El misterio de los espías argentinos

La muerte del fiscal que acusó a Cristina Fernández es una historia sombría, con los servicios secretos como telón de fondo.

Cristina Fernández, en la mira por muerte de fiscal que investigaba atentado. / EFE

El cuerpo de Alberto Nisman ya está enterrado en el cementerio de La Tablada, junto a las 85 víctimas del peor ataque terrorista que sufrió este país: la voladura de la Asociación Mutual Israelita Argentina (AMIA), el 18 de julio de 1994. Pero difícilmente pueda descansar en paz el fiscal que acusó a Cristina Fernández de Kirchner de encabezar una conspiración para encubrir el atentado, en la que involucró al canciller Héctor Timerman, entre otros funcionarios de fuertes lazos con Irán. Sobre todo, porque no hay certezas en torno a la investigación. Y aunque existen múltiples teorías y cada ciudadano tiene “su” culpable, no son pocos los que les endilgan este crimen de alto impacto a los servicios de inteligencia, incluso a la presidenta.
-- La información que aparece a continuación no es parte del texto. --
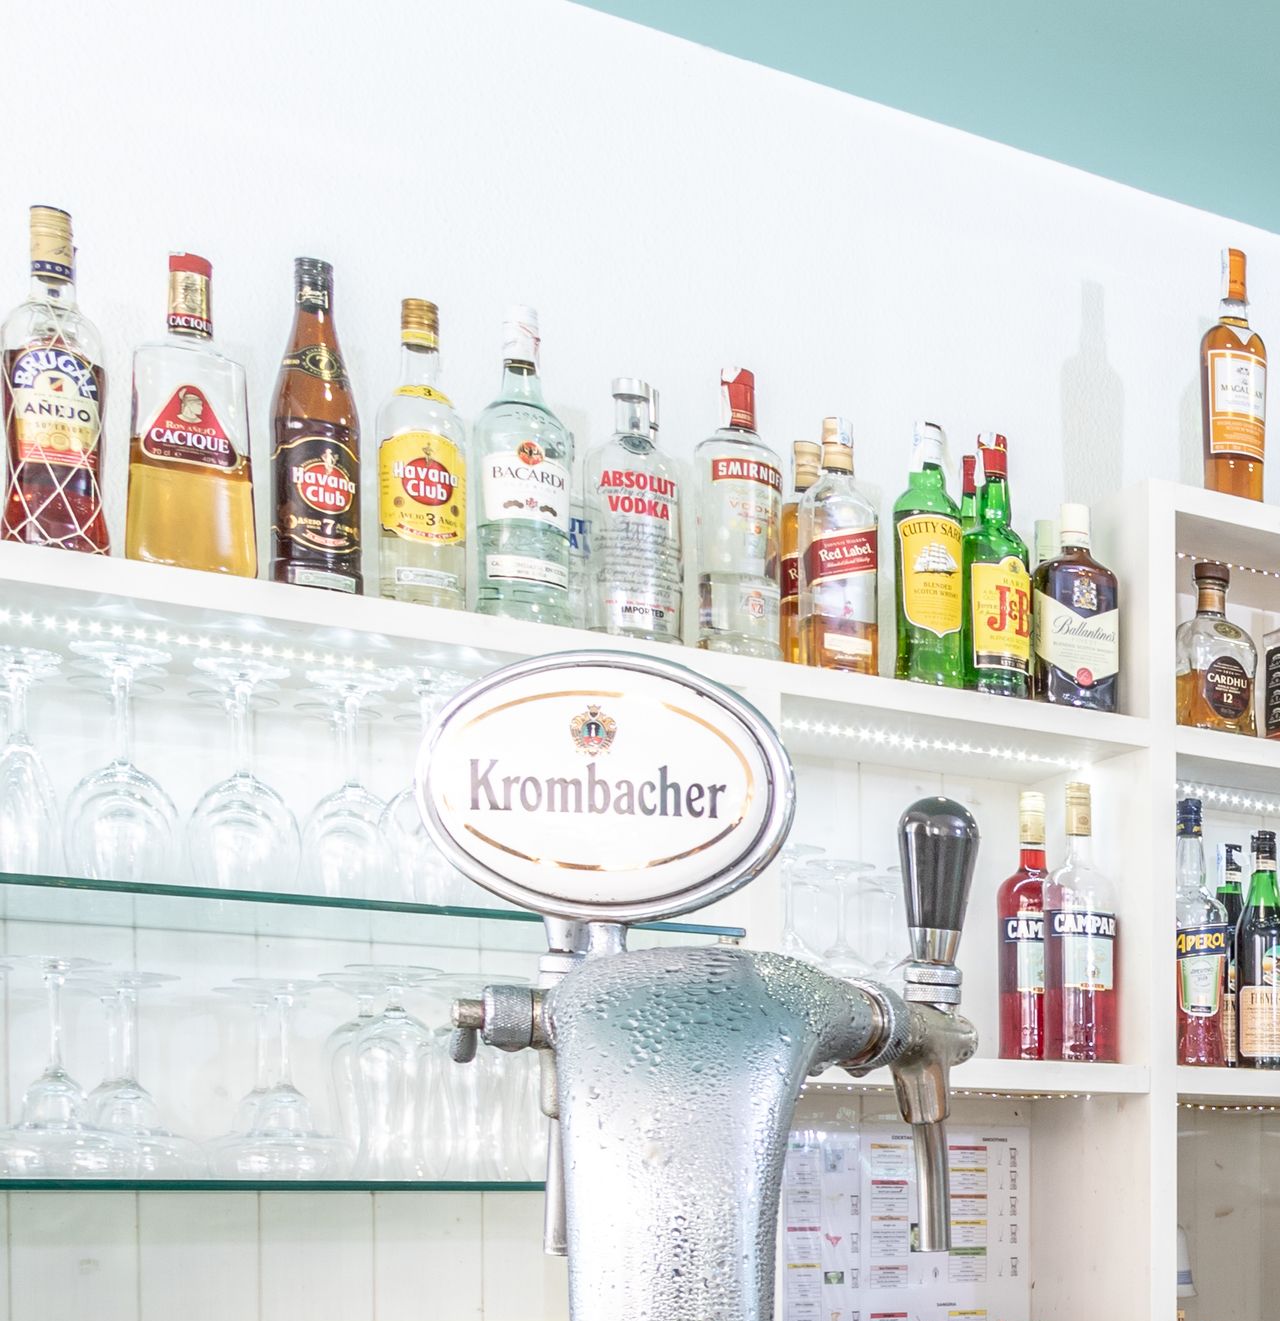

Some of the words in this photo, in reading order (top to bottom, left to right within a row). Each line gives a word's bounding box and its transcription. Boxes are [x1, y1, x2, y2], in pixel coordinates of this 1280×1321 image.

No es casual que las miradas inquisidoras apunten en ese sentido. Siempre hubo espías en Argentina. Desde que el general Juan Domingo Perón creó la Secretaría de Inteligencia del Estado (SIDE), en 1946, sus agentes fueron servidores políticos. Sin ir más lejos, la presidenta pensaba imponer a gente de su confianza cuando decidió descabezar a la cúpula del organismo, en diciembre, y nombró a Oscar Parrilli —también acusado de conspirador— como nuevo líder.

Entonces, impulsó la disolución de la SIDE, que será tratada en el Congreso Nacional, para darle paso a la Agencia Federal de Investigaciones (AFI). Según trascendió, Máximo Kirchner, el hijo de la mandataria, tiene pensado un nombre para ocupar el cargo principal: Martín Alaniz, concejal de La Plata, militante de La Cámpora, agrupación política alineada al modelo kirchnerista. Y desde la oposición ya pusieron el grito en el cielo, porque el nuevo proyecto transfiere las escuchas judiciales a la Procuraduría General de la Nación, a cargo de la ‘ultra K’ Alejandra Gils Carbó.
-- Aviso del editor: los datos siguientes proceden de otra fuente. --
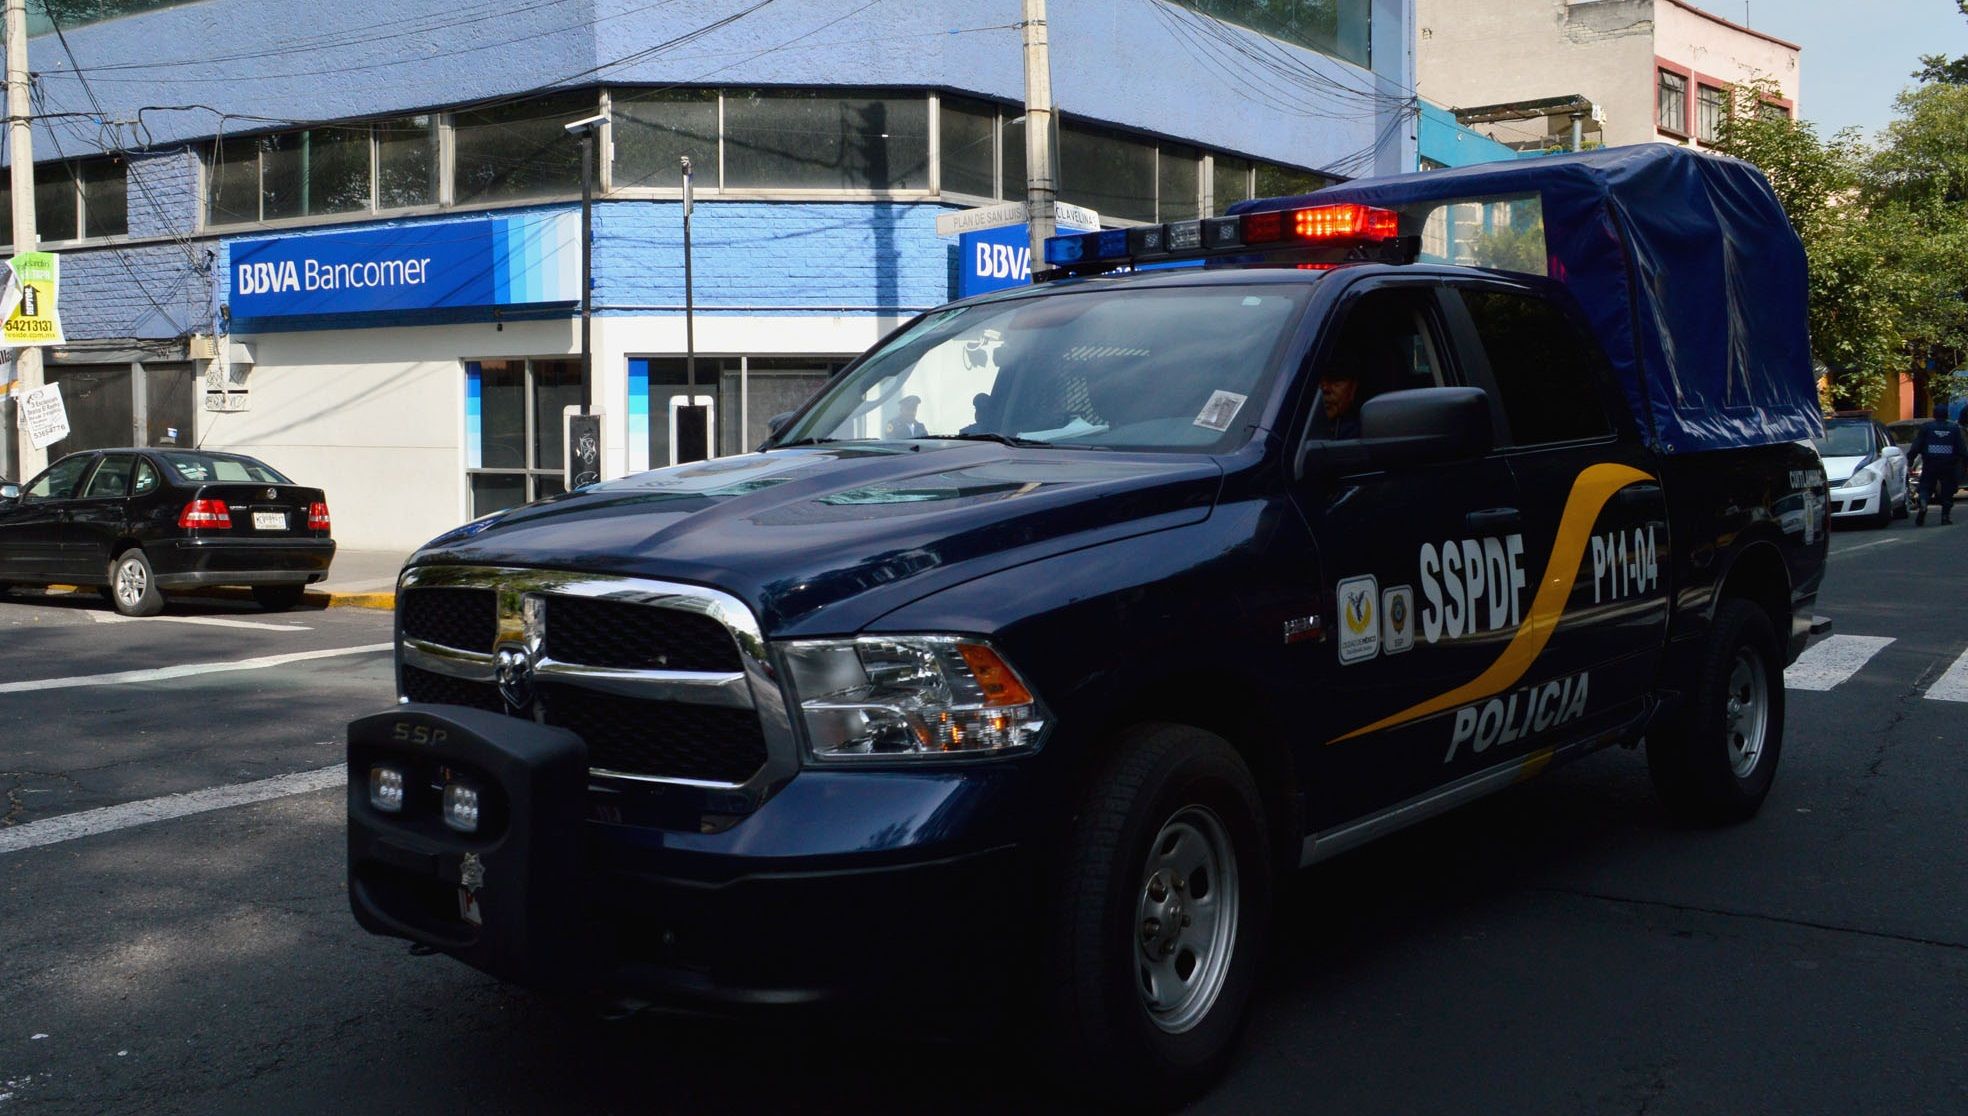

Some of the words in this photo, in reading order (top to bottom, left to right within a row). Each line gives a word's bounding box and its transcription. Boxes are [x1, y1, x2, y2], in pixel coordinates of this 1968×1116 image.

[953, 216, 974, 228] PLAN
[975, 214, 987, 225] DE
[987, 211, 1003, 223] SAN
[1004, 208, 1022, 220] LUIS
[239, 261, 300, 294] BBVA
[305, 258, 430, 290] Bancomer
[6, 320, 53, 332] 54213137
[1592, 525, 1658, 603] P11-04
[1420, 533, 1526, 644] SSPDF
[393, 723, 448, 745] SSP
[1444, 672, 1590, 763] POLICIA
Aunque falta la aprobación de los legisladores, la SIDE tiene punto final. No hay ninguna duda de que su más cruento accionar se llevó a cabo durante el régimen militar, cuando se corporizó en un radar de subversivos y participó de manera directa en la ejecución de civiles. En 1975, incluso, llegó a alquilar un taller mecánico en la calle Venancio Flores, que ofició de centro clandestino. “Automotores Orletti”, rezaba el cartel. Detrás de este operaba la tortura y el martirio. Y fue la base de operaciones del ‘Plan Cóndor’, que coordinó las tareas represivas de los países de la región. Aníbal Gordon, miembro del servicio de inteligencia, era uno de los verdugos en esa época oscura.
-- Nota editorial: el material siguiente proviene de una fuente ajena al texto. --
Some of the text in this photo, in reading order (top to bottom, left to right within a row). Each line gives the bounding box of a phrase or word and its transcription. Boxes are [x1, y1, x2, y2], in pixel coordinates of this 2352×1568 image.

La SIDE no dejó de funcionar en la democracia. Raúl Alfonsín la desmilitarizó generando una ola de secuestros extorsivos atribuidos a la mano de obra desocupada. Incluso, llegó a filtrarse en su custodia Raúl Guglielminetti, miembro del batallón de inteligencia 601 y de la patota que actuaba con crueldad en el mencionado centro clandestino del barrio de Floresta. El entonces presidente se apoyó en los servicios de inteligencia para barrer a los militares “carapintadas” que se alzaron contra el gobierno en el regimiento de La Tablada. Fue la SIDE, respondiendo a Alfonsín, el organismo que instaló que la vuelta del peronismo propagaría el caos. De todos modos, se impuso Carlos Menem, representante del Partido Justicialista. El mandatario riojano les dio alas a sus agentes. Y bajo un modelo económico que puso al peso argentino en igualdad de condiciones con el dólar, se incorporó tecnología de primera línea. Así y todo, no se pudo evitar el atentado a la AMIA, muy a pesar de que Jaime Stiusso estaba siguiendo la pista de los iraníes cuando explotó la bomba en la sede judía.

Ese fue el seudónimo que eligió Antonio Horacio Stiles, quien ingresó a la SIDE en 1972 y pasó de ser un cadete a transformarse en el director general de Operaciones. Según cuenta el periodista Gerardo Young, autor del libro SIDE, la Argentina secreta, Jaime fue el hombre que mejor entendió las reglas del espionaje. A Jaime, precisamente, acusa Cristina de haberle vendido “pescado podrido” a Nisman. En la Casa Rosada creen que aportó datos malintencionados, como una venganza por la disolución de la SIDE, donde trabajó 40 años.